In budding yeast there are 27 ABPs (Moseley and Goode, 2006). As our chromosome motion pathway is chaperone-dependent, we narrowed our focus to the ABPs that share a genetic interaction with either chaperone leaving 6 ABPs. Loss of 4 of the ABPs (bnr1Δ, myo3Δ, lsb1Δ, or tpm1Δ) impaired the peripheral localization of INO1 (Figure 5B). Whereas vrp1Δ and sla1Δ, which both encode Arp2/3 modulators, had a weak to no apparent impact on INO1 motion (Figure 5B), respectively. The influential ABPs on INO1 included homologs of formin (Bnr1), type I myosin (Myo3), WASP inhibitor (Lsb1), and tropomyosin (Tpm1).

Prior reports showed that the transcription responses to serum stimulation or cell spreading in mammalian cells also involve formin-dependent nuclear actin filaments (Baarlink et al., 2013; Plessner and Grosse, 2015; Plessner et al., 2015). As yeast contains two formin homologs (Bnr1 and Bni1) and Bni1 is known to physically associate with Hsp90 (Miao et al., 2013), we checked whether loss of Bni1 also impacted INO1 motion and found that it was (Figure S4E). Yet, not all ABP homologs influenced chromatin motion since myo5Δ had no apparent affect (Figure S4E). Hence, the actin regulators mediating chromosome movement during gene activation (formin-dependent) appear distinct from those governing the response to double-stranded breaks within heterochromatin (Arp2/3-dependent) (Caridi et al., 2018; Schrank et al., 2018). Yet, other forms of DNA damage as well as DNA replication employ formin homologs (Belin et al., 2015; Parisis et al., 2017). Of note, deletion of any of the ABP genes declined the actin-chromobody signal (Figure S4F and S4G) suggesting that the maintenance of actin polymers in the nucleus is a highly cooperative process among the ABPs. Likely, all the ABPs contribute to the behavior of nuclear actin and select ABPs are called upon to direct specific actin structures in response to distinct cellular signals. Perhaps significantly, loss of chaperone, remodeler, or ABP genes resulted in a declined transcriptional induction of INO1 (Figure S5).

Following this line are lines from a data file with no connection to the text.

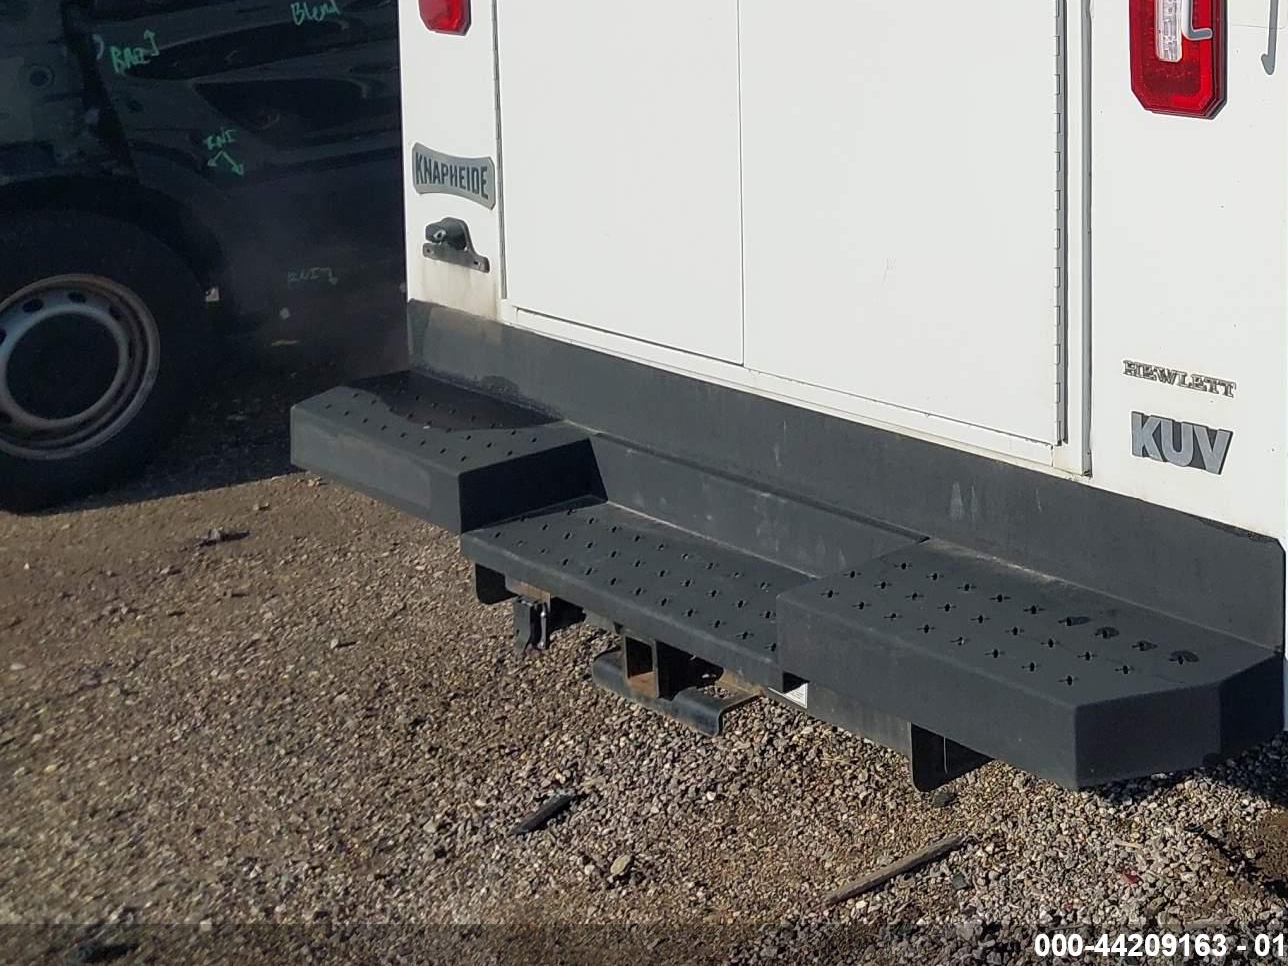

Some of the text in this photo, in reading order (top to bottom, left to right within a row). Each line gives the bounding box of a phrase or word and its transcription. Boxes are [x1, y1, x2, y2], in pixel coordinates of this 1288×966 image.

[415, 152, 489, 201] KNAPHEIDE
[1122, 359, 1237, 398] HEWLETT
[1131, 410, 1234, 475] KUV
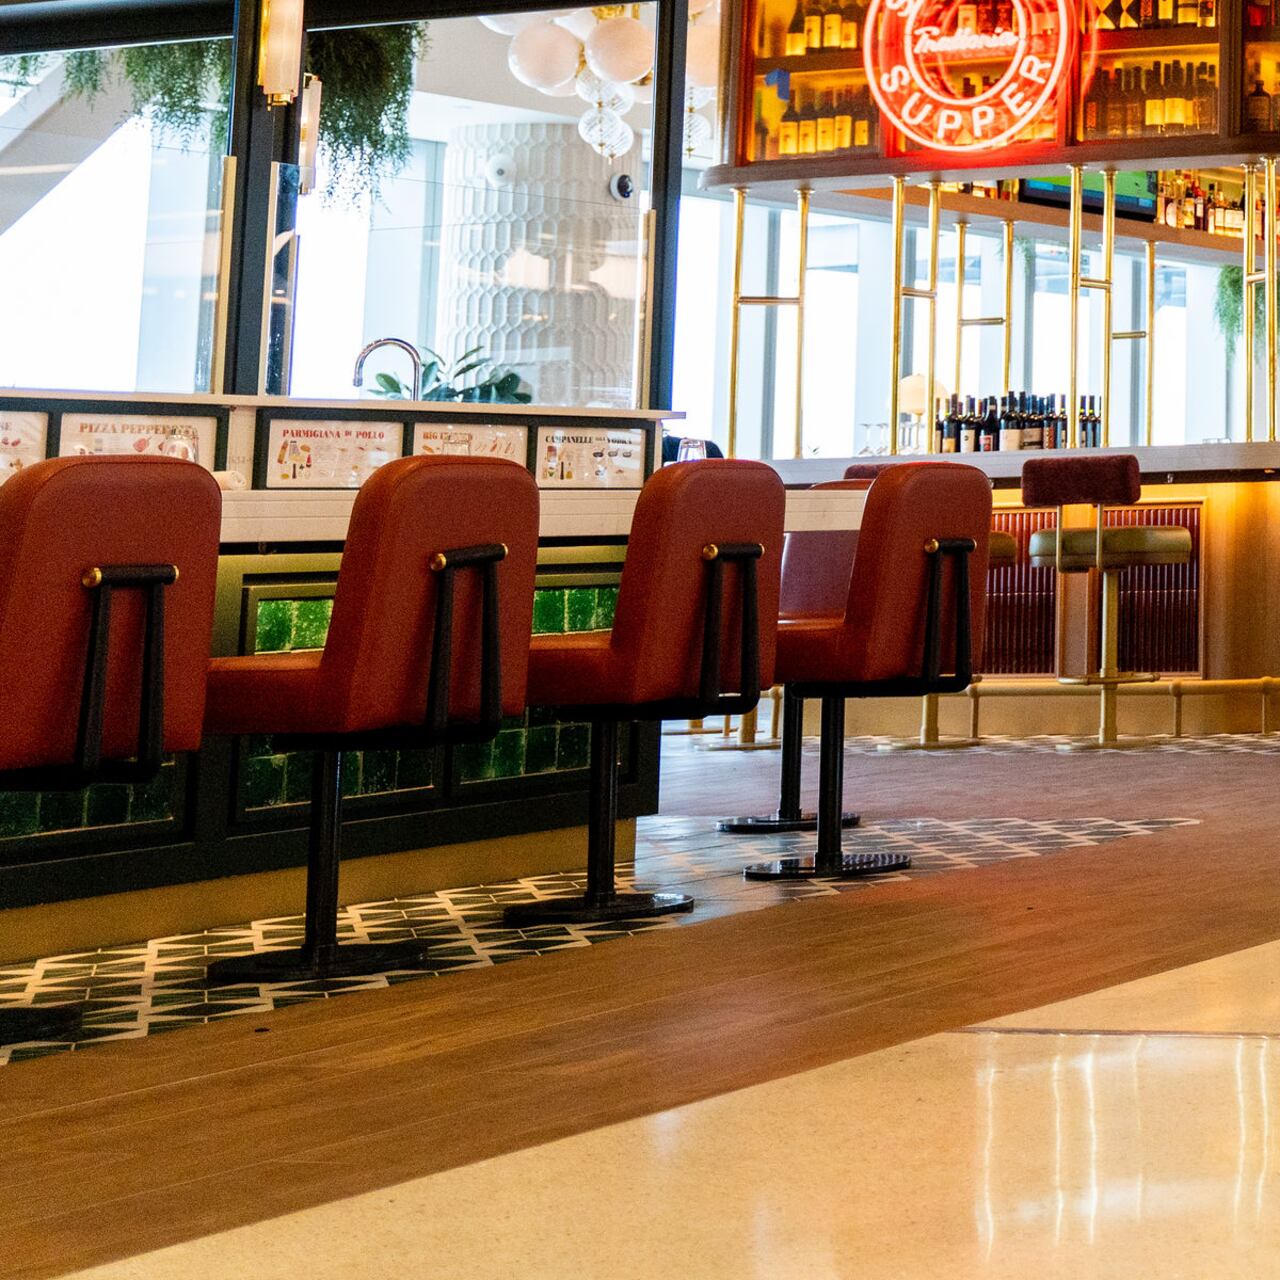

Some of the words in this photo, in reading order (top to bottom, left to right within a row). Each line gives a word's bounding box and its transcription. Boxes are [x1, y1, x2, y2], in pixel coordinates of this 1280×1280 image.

[913, 25, 1020, 55] Trattoria
[880, 55, 1052, 139] SUPPER
[79, 422, 117, 433] PIZZA
[282, 429, 341, 439] PARMIGIANA
[356, 431, 385, 440] POLLO
[545, 435, 593, 444] CAMPANELLE

Hsp90 supports motor activity of Myo3

Actin-based transport typically depends on a motor protein to move cargo (Agarwal and Zaidel-Bar, 2018). Paralleling previous studies involving chromatin motion associated with either DNA repair or transcription, we found that translocation of the INO1 DNA locus was dependent on a type I myosin (Figure 5B). While the primary sequence of Myo3 is consistent with it being a single-headed (unconventional) motor, direct evidence for motor function had been lacking. Using a classic actin-gliding assay we found that Myo3 purified from yeast was inactive as a motor (Video S10). In fission yeast the type II myosins are known Hsp90 clients where the motor function is supported by the chaperone in conjunction with an UCS (Unc45-/Cro1-/She4) cochaperone (Barral et al., 2002; Lord and Pollard, 2004; Mishra et al., 2005). Intriguingly, the movement of double-stranded DNA breaks to the nuclear periphery is dependent upon Unc-45 (Caridi et al., 2018). Significantly, Myo3 gained motor function following the addition of Hsp90 and the budding yeast UCS homolog She4 in vitro (Video S11) and knockout of SHE4 impaired INO1 motion in vivo (Figure 5C). Hence, Hsp90, along with the She4 cochaperone, contribute to chromatin motion by supporting the nuclear motor activity of Myo3.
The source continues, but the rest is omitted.